Oxidative stress plays an important role in drug-induced toxicity. Oxidative stress-mediated toxicities can be detected using conventional animal models but their sensitivity is insufficient, and novel models to improve susceptibility to oxidative stress have been researched. In recent years, gene targeting methods in zebrafish have been developed, making it possible to generate homozygous null mutants. In this study, we established zebrafish deficient in the nuclear factor erythroid 2-related factor 2a (nrf2a), a key antioxidant-responsive gene, and its potential to detect oxidative stress-mediated toxicity was examined.
Nrf2a-deficient zebrafish were generated using the clustered regularly interspaced short palindromic repeats (CRISPR)/CRISPR-associated 9 technique. The loss of nrf2a function was confirmed by the tolerability to hydrogen peroxide and hydrogen peroxide-induced gene expression profiles being related to antioxidant response element (ARE)-dependent signaling. Subsequently, vulnerability of nrf2a-deficient zebrafish to acetaminophen (APAP)- or doxorubicin (DOX)-induced toxicity was investigated.
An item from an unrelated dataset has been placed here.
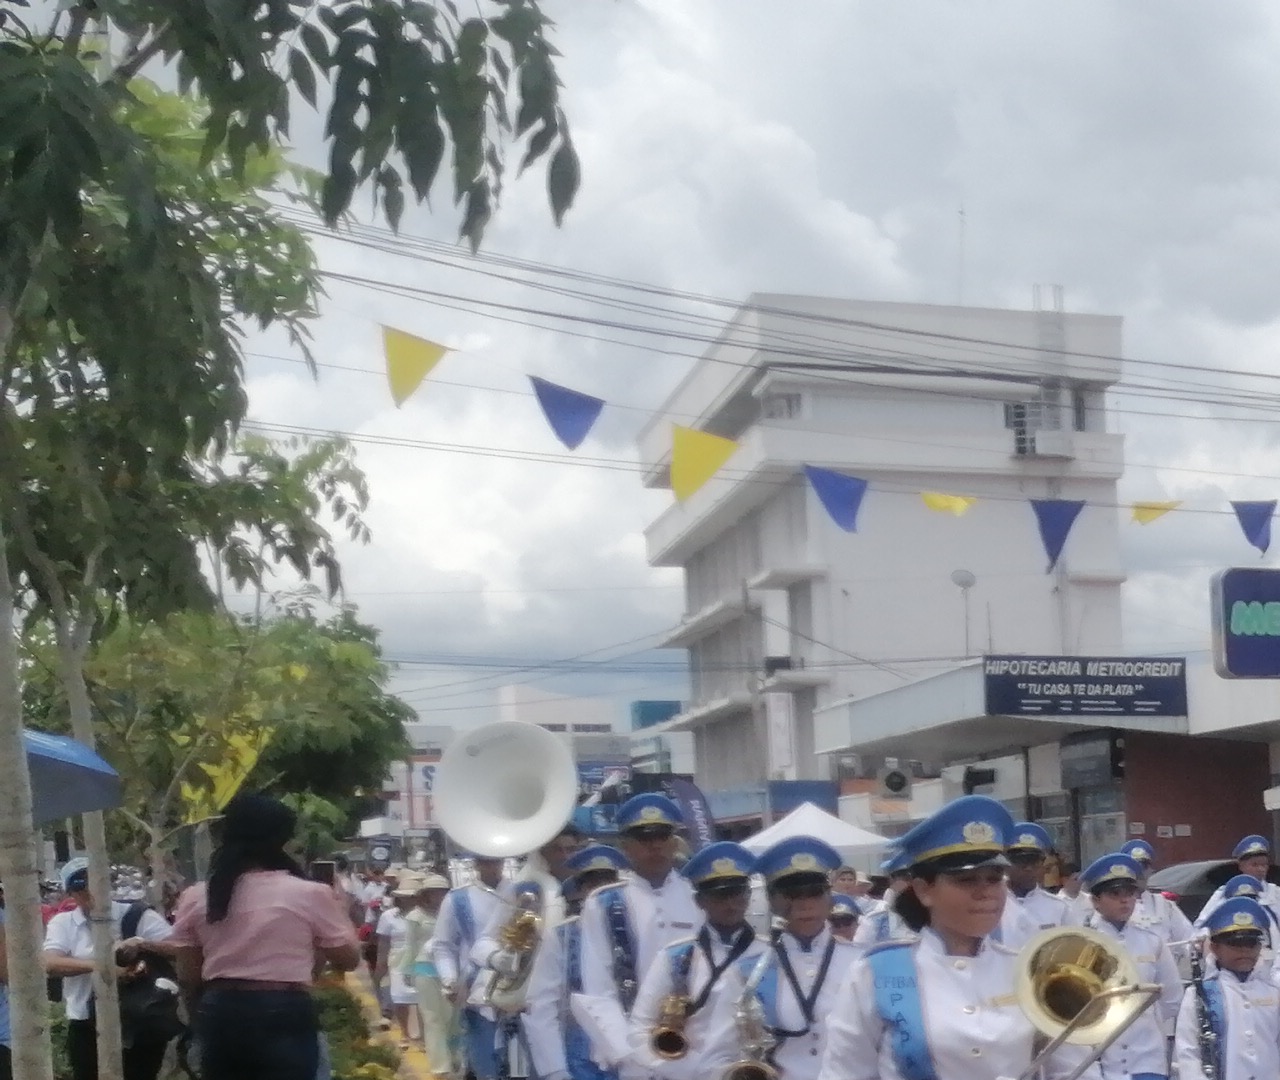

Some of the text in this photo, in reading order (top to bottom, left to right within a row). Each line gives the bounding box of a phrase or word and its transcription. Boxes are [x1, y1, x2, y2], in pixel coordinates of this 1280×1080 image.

[985, 660, 1182, 677] HIPOTECARIA METROCREDIT
[1043, 683, 1072, 696] CASA
[1073, 684, 1086, 696] TE
[1087, 684, 1101, 696] DA
Nrf2a-deficient zebrafish showed higher mortality than wild type accompanied by less induction of ARE-dependent genes with hydrogen peroxide treatment. Subsequently, this model showed increased severity and incidence of APAP-induced hepatotoxicity or DOX-induced cardiotoxicity than wild type.
Our results demonstrated that anti-oxidative response might not fully function in this model, and resulted in higher sensitivity to drug-induced oxidative stress. Our data support the usefulness of nrf2a-deficient model as a tool for evaluation of oxidative stress-related toxicity in drug discovery research.
氧化应激在药物诱导的毒性中起重要作用。氧化应激介导的毒性可以使用传统动物模型检测,但它们的敏感性不足,因此人们研究了提高对氧化应激易感性的新型模型。近年来,斑马鱼中的基因靶向方法得到了发展,使得产生纯合缺失突变体成为可能。在本研究中,我们建立了核因子红细胞2相关因子2a(nrf2a)缺陷的斑马鱼,nrf2a是一种关键的抗氧化反应基因,并检测了其检测氧化应激介导毒性的潜力。
使用成簇规律间隔短回文重复序列(CRISPR)/CRISPR相关蛋白9技术生成nrf2a缺陷的斑马鱼。通过对过氧化氢的耐受性以及过氧化氢诱导的与抗氧化反应元件(ARE)依赖性信号相关的基因表达谱,证实了nrf2a功能的丧失。随后,研究了nrf2a缺陷的斑马鱼对乙酰氨基酚(APAP)或阿霉素(DOX)诱导的毒性的易感性。
nrf2a缺陷的斑马鱼比野生型显示出更高的死亡率,同时过氧化氢处理后ARE依赖性基因的诱导较少。随后,该模型显示出比野生型更高的APAP诱导的肝毒性或DOX诱导的心脏毒性的严重程度和发生率。
我们的结果表明,抗氧化反应在该模型中可能无法充分发挥作用,并导致对药物诱导的氧化应激具有更高的敏感性。我们的数据支持nrf2a缺陷模型作为药物发现研究中评估氧化应激相关毒性的工具的有用性。